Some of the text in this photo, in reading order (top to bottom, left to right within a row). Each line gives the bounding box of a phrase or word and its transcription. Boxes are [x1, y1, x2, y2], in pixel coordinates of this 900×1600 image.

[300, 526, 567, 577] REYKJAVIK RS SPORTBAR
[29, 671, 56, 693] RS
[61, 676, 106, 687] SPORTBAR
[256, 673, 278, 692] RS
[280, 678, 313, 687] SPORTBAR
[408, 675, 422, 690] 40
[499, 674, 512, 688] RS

------------

Work to be completed:
Reproduce the material precisely, including every line.

Result:
Some of the text in this photo, in reading order (top to bottom, left to right within a row). Each line gives the bounding box of a phrase or word and its transcription. Boxes are [x1, y1, x2, y2], in pixel coordinates of this 900×1600 image.

[300, 526, 567, 577] REYKJAVIK RS SPORTBAR
[29, 671, 56, 693] RS
[61, 676, 106, 687] SPORTBAR
[256, 673, 278, 692] RS
[280, 678, 313, 687] SPORTBAR
[408, 675, 422, 690] 40
[499, 674, 512, 688] RS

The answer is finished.